We also need to capture the actual year in the LCAP Year row.
ff = list.files("pdf2htmlEX", full = TRUE)
a = lapply(ff, function(f) tryCatch(getGoal1(f)))
The pdf2htmlEX/ClovisUnified_LCAP_2014.2017.html has a totally different format so this function fails. Same for many. Note that these are 2014. Check with Jacob whether we want these?
Problems ~/DSIProjects/Jacob/Data/HTML/MillValley_LCAP_2015.2016.html - Misses the first line of the Actions table. Using the first row as the header. Not enough space between these. Thinks there are 5 columns. One is all NAs. No EAMO picked up. Identified Need an Goal Applies to are wrong.
"~/DSIProjects/Jacob/Data/HTML/Larkspur-CorteMadera_LCAP_2015.2016.html" a = getGoal1("~/DSIProjects/Jacob/Data/HTML/Larkspur-CorteMadera_LCAP_2015.2016.html")
Nick (Ulle) suggested using pdf2htmlEX as it gives more structure than the current content of pdftohtml. (However, CVRead takes care of a lot of this.) If pdf2htmlEX works, great. However, it is focused on presentation of the material in the Web browser and not in providing the information for programmatic access. As a result, the locations of the content boxes is not immediately accessible to us. However, it is in CSS material within the document.
Nick and I did some exploration and it appears that this is close, but not general enough for entirely general recovery of information. However, for Jacob's documents, or for specific parts of them, it may be simple than a more generic approach.
The package RCSS (git@github-omg:omegahat/RCSS.git) can help us recover the locations.
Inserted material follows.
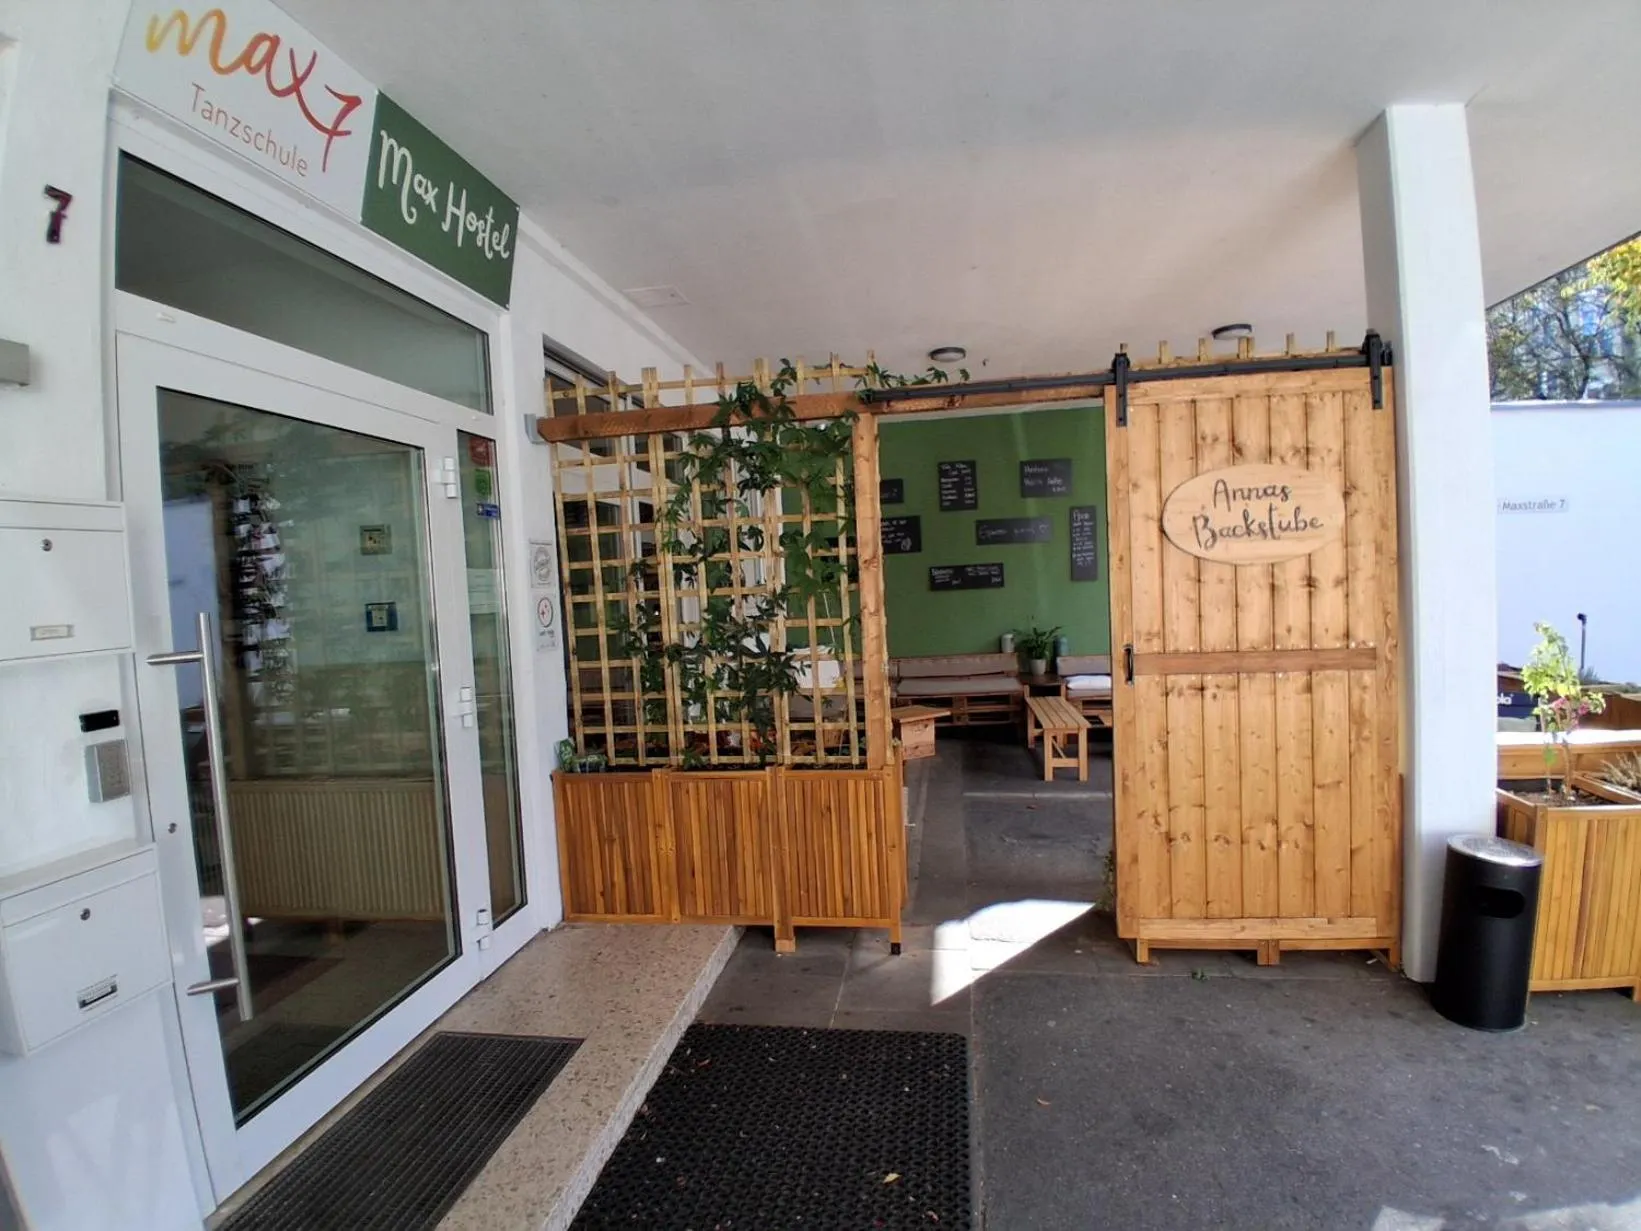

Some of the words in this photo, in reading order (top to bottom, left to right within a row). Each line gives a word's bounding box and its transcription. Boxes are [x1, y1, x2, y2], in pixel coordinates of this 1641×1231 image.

For HoriconElementary_LCAP_2015.2016.html
, the 3rd cell in the final row of
the first Actions/Services table (p15) has a line under X All and the _ Low
income .... pdf2htmlEx breaks this into two separate divs. As a result, we
don't have 4 divs per row and now we have to figure out which go together.
The two div nodes are
<div class="c x1f y184 w14 h3a">
<div class="t m0 x8 h3 y16b ff1 fs1 fc0 sc0 ls0 ws0">X <span class="ls11">All</span> </div>
</div>
<div class="c x1f y184 w17 h39">
<div class="t m0 x8 h3 y12c ff1 fs1 fc0 sc0 ls0 ws0">OR:<span class="fc1">-------</span> </div>
<div class="t m0 x8 h3 y185 ff1 fs1 fc0 sc0 lsf ws0"> <span class="ls0"> Low Incom<span class="_ _0"/>e pupils </span></div>
<div class="t m0 x8 h3 y12e ff1 fs1 fc0 sc0 lsf ws0"> <span class="ls0"> English Learners<span class="_ _0"/> </span></div>
<div class="t m0 x8 h3 y12f ff1 fs1 fc0 sc0 lsf ws0"> <span class="ls0"> Foster Youth </span></div>
<div class="t m0 x8 h3 y130 ff1 fs1 fc0 sc0 lsf ws0"> <span class="ls0"> Redesignated f<span class="_ _0"/>luent </span></div>
<div class="t m0 x8 h3 y131 ff1 fs1 fc0 sc0 ls0 ws0">English proficient<span class="_ _0"/> </div>
<div class="t m0 x8 h3 y13a ff1 fs1 fc0 sc0 lsf ws0"> <span class="ls0"> Other Subgroups: </span></div>
<div class="t m0 x8 h3 y104 ff1 fs1 fc0 sc0 ls0 ws0">(Specify) </div>
<div class="t m0 x8 h3 y103 ff1 fs1 fc0 sc0 ls0 ws0"> </div>
</div>
We could use heuristic rules that say if a div node starts with OR:, then combine it with its previous sibling.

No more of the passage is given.